:: Task data

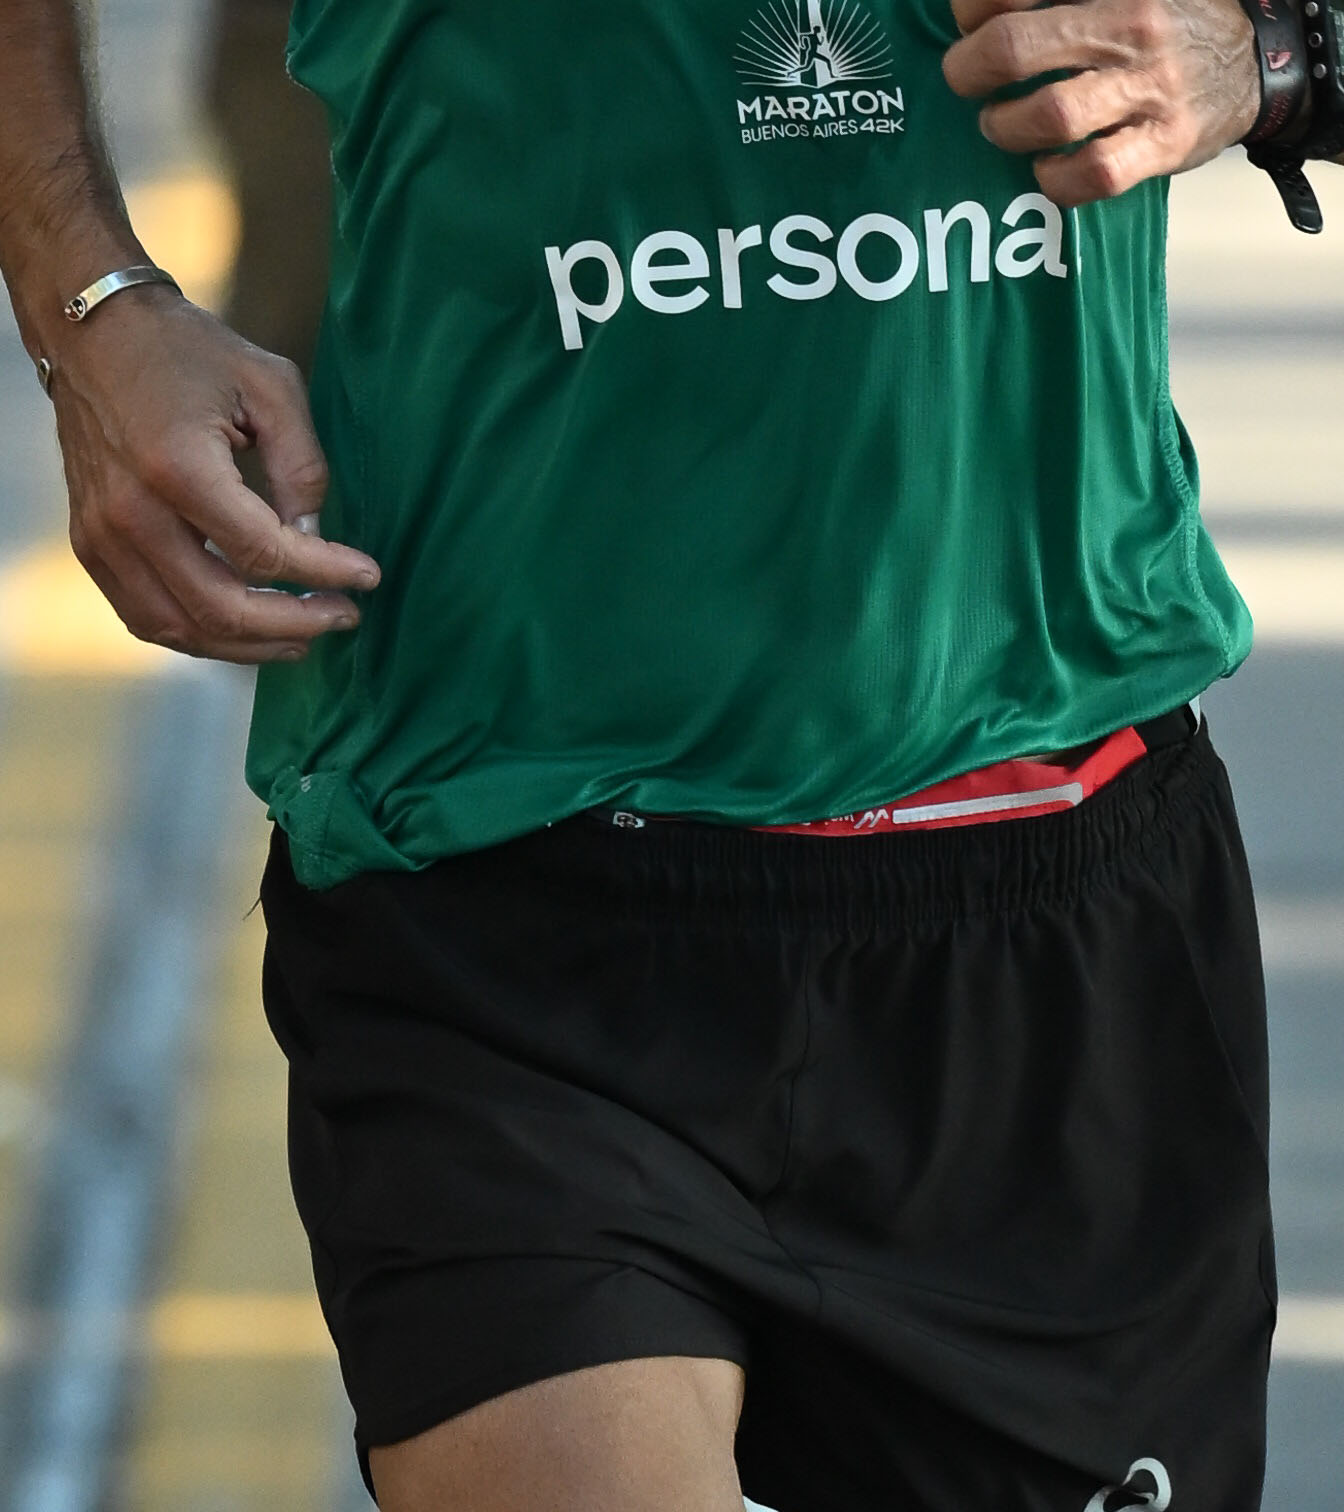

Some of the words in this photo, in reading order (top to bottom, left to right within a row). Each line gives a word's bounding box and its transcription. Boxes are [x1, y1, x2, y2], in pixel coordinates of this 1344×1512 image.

[737, 86, 905, 125] MARATON
[741, 123, 810, 144] BUENOS
[812, 119, 859, 139] AIRES
[859, 118, 905, 134] 42K
[544, 192, 1082, 351] persona
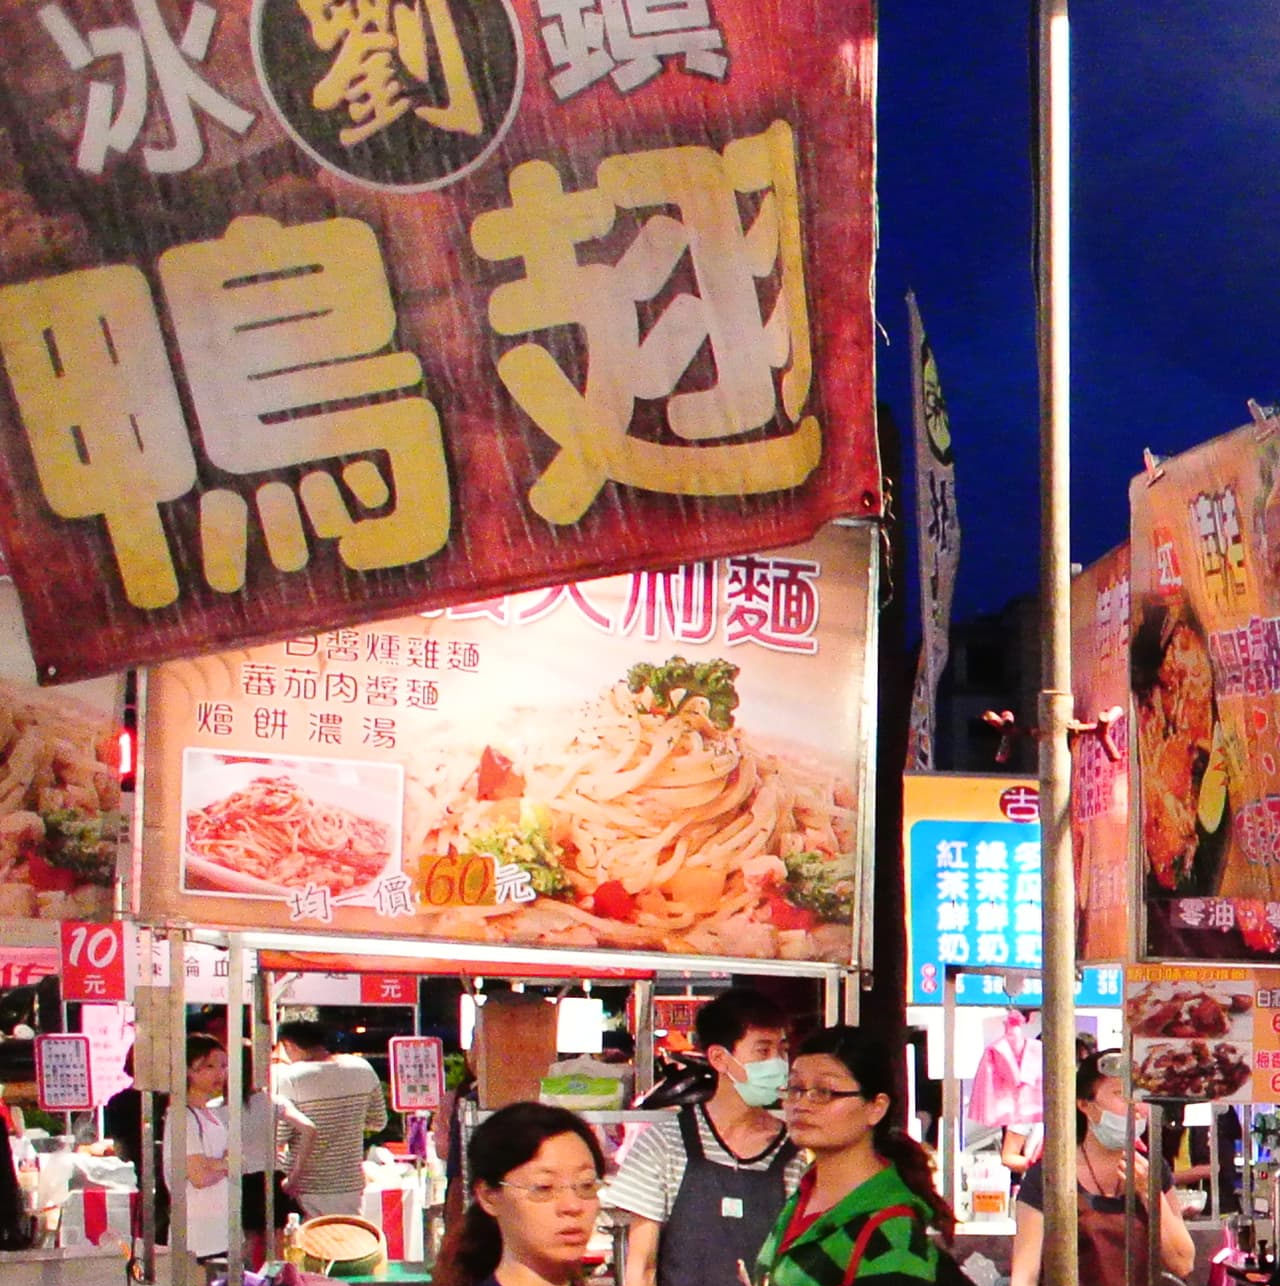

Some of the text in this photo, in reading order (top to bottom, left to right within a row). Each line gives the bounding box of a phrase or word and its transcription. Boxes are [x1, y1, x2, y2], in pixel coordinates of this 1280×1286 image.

::::

## Your assignment
Give the data above again in full and unchanged, skipping the pictures.

## Problem solution
Some of the words in this photo, in reading order (top to bottom, left to right within a row). Each line gives a word's bounding box and its transcription. Boxes are [x1, y1, x2, y2], in pixel coordinates of this 1344×1512 image.

[737, 86, 905, 125] MARATON
[741, 123, 810, 144] BUENOS
[812, 119, 859, 139] AIRES
[859, 118, 905, 134] 42K
[544, 192, 1082, 351] persona

Some of the text in this photo, in reading order (top to bottom, left to right within a row). Each line gives the bounding box of a phrase or word and its transcription. Boxes are [x1, y1, x2, y2], in pixel coordinates of this 1280×1286 image.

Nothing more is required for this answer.